An alternative choice would have been to simply requeue the work item to
a pool with workers of the new priority, but this doesn't seem feasible
because a worker may have already started executing the work and there's
currently no way to interrupt it midway through.  The proposed interface
solves this issue because a worker's priority can be adjusted while it's
executing the work.

TODO:  flush_work_at_nice is a proof-of-concept only, and it may be
desired to have the interface set the work's nice without also waiting
for it to finish.  It's implemented in the flush path for this RFC
because it was fairly simple to write ;-)

I ran tests similar to the ones in the last patch with a couple of
differences:
 - The non-ktask workload uses 8 CPUs instead of 7 to compete with the
   main ktask thread as well as the ktask helpers, so that when the main
   thread finishes, its CPU is completely occupied by the non-ktask
   workload, meaning MAX_NICE helpers can't run as often.
 - The non-ktask workload starts before the ktask workload, rather
   than after, to maximize the chance that it starves helpers.

Runtimes in seconds.

Case 1: Synthetic, worst-case CPU contention

  ktask_test - a tight loop doing integer multiplication to max out on CPU;
               used for testing only, does not appear in this series
  stress-ng  - cpu stressor ("-c --cpu-method ackerman --cpu-ops 1200");

             8_ktask_thrs           8_ktask_thrs
               w/o_renice  (stdev)   with_renice  (stdev)  1_ktask_thr  (stdev)
             ------------------------------------------------------------------
  ktask_test        41.98  ( 0.22)         25.15  ( 2.98)        30.40  ( 0.61)
  stress-ng         44.79  ( 1.11)         46.37  ( 0.69)        53.29  ( 1.91)

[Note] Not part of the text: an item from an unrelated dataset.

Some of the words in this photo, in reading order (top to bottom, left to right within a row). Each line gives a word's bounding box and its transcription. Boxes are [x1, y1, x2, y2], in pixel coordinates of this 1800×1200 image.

Without renicing, ktask_test finishes just after stress-ng does because
stress-ng needs to free up CPUs for the helpers to finish (ktask_test
shows a shorter runtime than stress-ng because ktask_test was started
later).  Renicing lets ktask_test finish 40% sooner, and running the
same amount of work in ktask_test with 1 thread instead of 8 finishes in
a comparable amount of time, though longer than "with_renice" because
MAX_NICE threads still get some CPU time, and the effect over 8 threads
adds up.

stress-ng's total runtime gets a little longer going from no renicing to
renicing, as expected, because each reniced ktask thread takes more CPU
time than before when the helpers were starved.

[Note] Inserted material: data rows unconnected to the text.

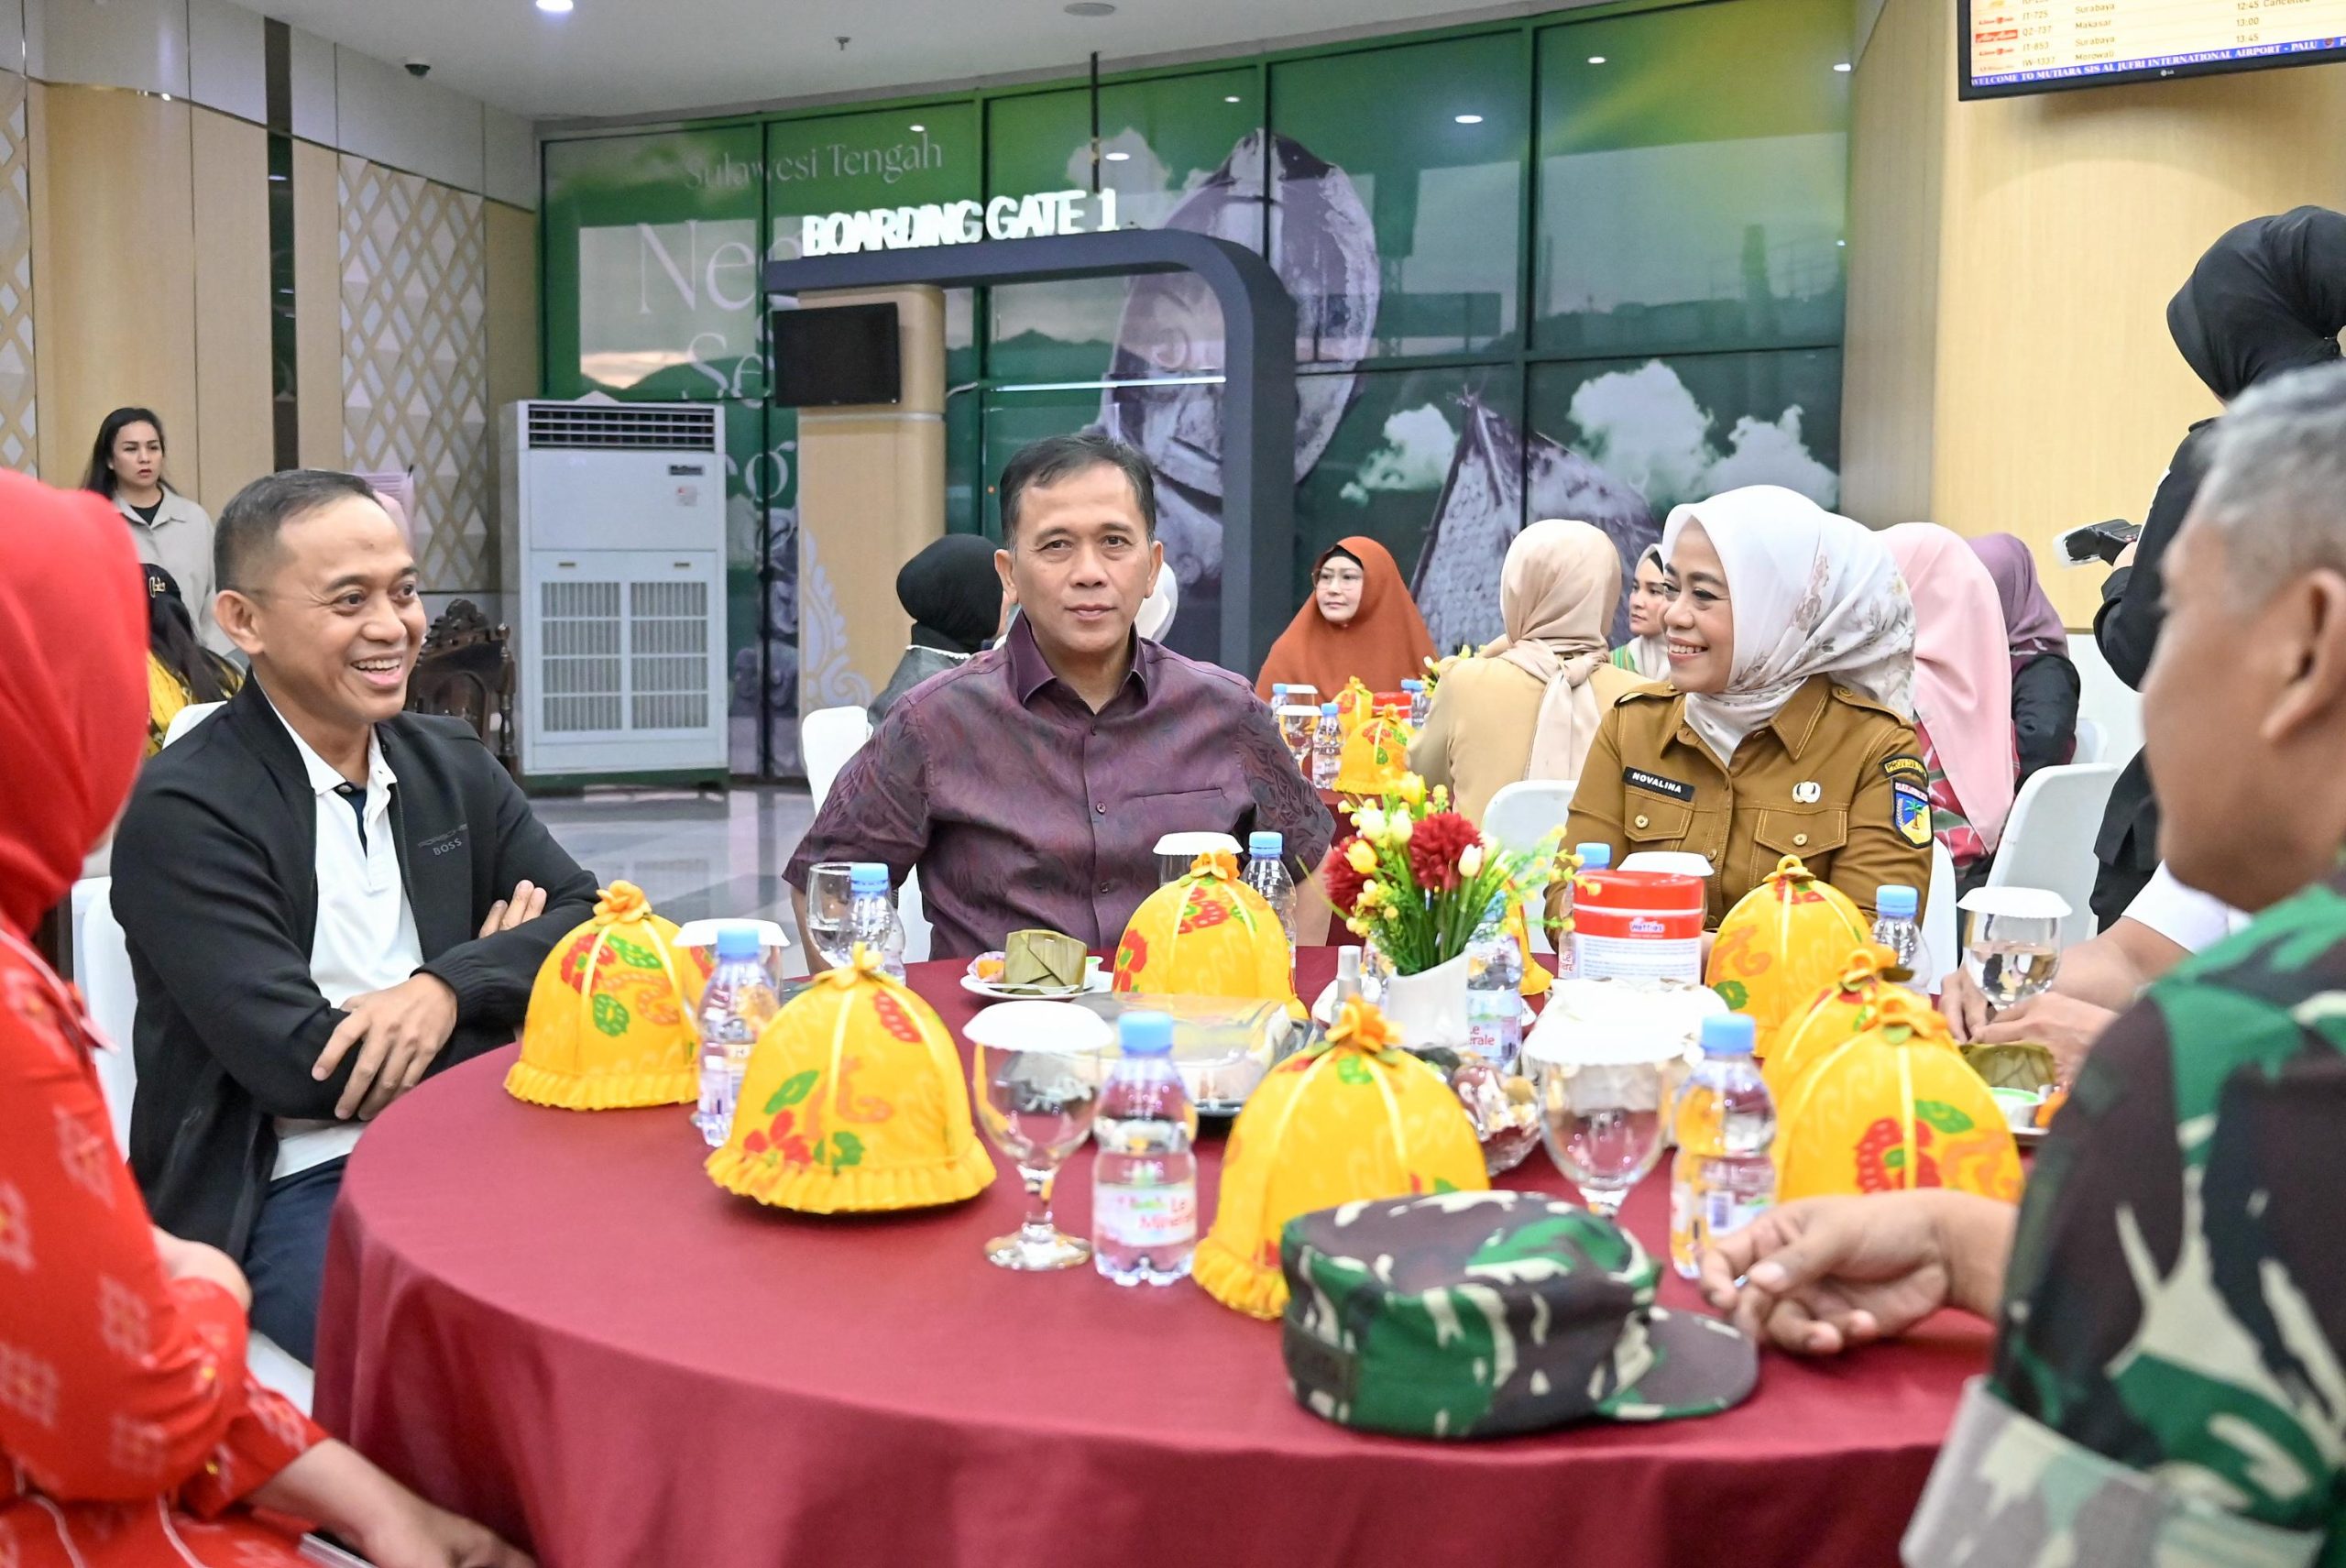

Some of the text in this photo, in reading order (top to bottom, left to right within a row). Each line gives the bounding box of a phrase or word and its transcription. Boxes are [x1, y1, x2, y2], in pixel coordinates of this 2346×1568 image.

[2075, 3, 2115, 14] Surabaya
[2075, 19, 2111, 29] Makasar
[2237, 1, 2259, 11] 12:45
[2075, 36, 2115, 47] Surabaya
[2236, 17, 2259, 27] 13:00
[2236, 34, 2259, 43] 13:45
[1971, 73, 2017, 86] WELCOME
[2022, 72, 2035, 81] TO
[2037, 67, 2083, 80] MUTIARA
[2084, 65, 2100, 74] SIS
[2102, 63, 2115, 72] AL
[2118, 59, 2145, 71] JUFRI
[2148, 51, 2232, 67] INTERNATIONAL
[2235, 45, 2281, 58] AIRPORT
[2291, 41, 2318, 51] PALU
[827, 132, 943, 183] Tengah
[802, 188, 1120, 258] BOARDING GATE 1
[1632, 772, 1682, 794] NOVALINA
[433, 838, 462, 856] BOSS

Running with one ktask thread, stress-ng's reported walltime goes up
because that single thread interferes with fewer stress-ng threads,
but with more impact, causing a greater spread in the time it takes for
individual stress-ng threads to finish.  Averages of the per-thread
stress-ng times from "with_renice" to "1_ktask_thr" come out roughly
the same, though, 43.81 and 43.89 respectively.  So the total runtime of
stress-ng across all threads is unaffected, but the time stress-ng takes
to finish running its threads completely actually improves by spreading
the ktask_test work over more threads.

Case 2: Real-world CPU contention

  ktask_vfio - VFIO page pin a 32G kvm guest
  usemem     - faults in 86G of anonymous THP per thread, PAGE_SIZE stride;
               used to mimic the page clearing that dominates in ktask_vfio
               so that usemem competes for the same system resources

             8_ktask_thrs           8_ktask_thrs
               w/o_renice  (stdev)   with_renice  (stdev)  1_ktask_thr  (stdev)
             ------------------------------------------------------------------
  ktask_vfio        18.59  ( 0.19)         14.62  ( 2.03)        16.24  ( 0.90)
      usemem        47.54  ( 0.89)         48.18  ( 0.77)        49.70  ( 1.20)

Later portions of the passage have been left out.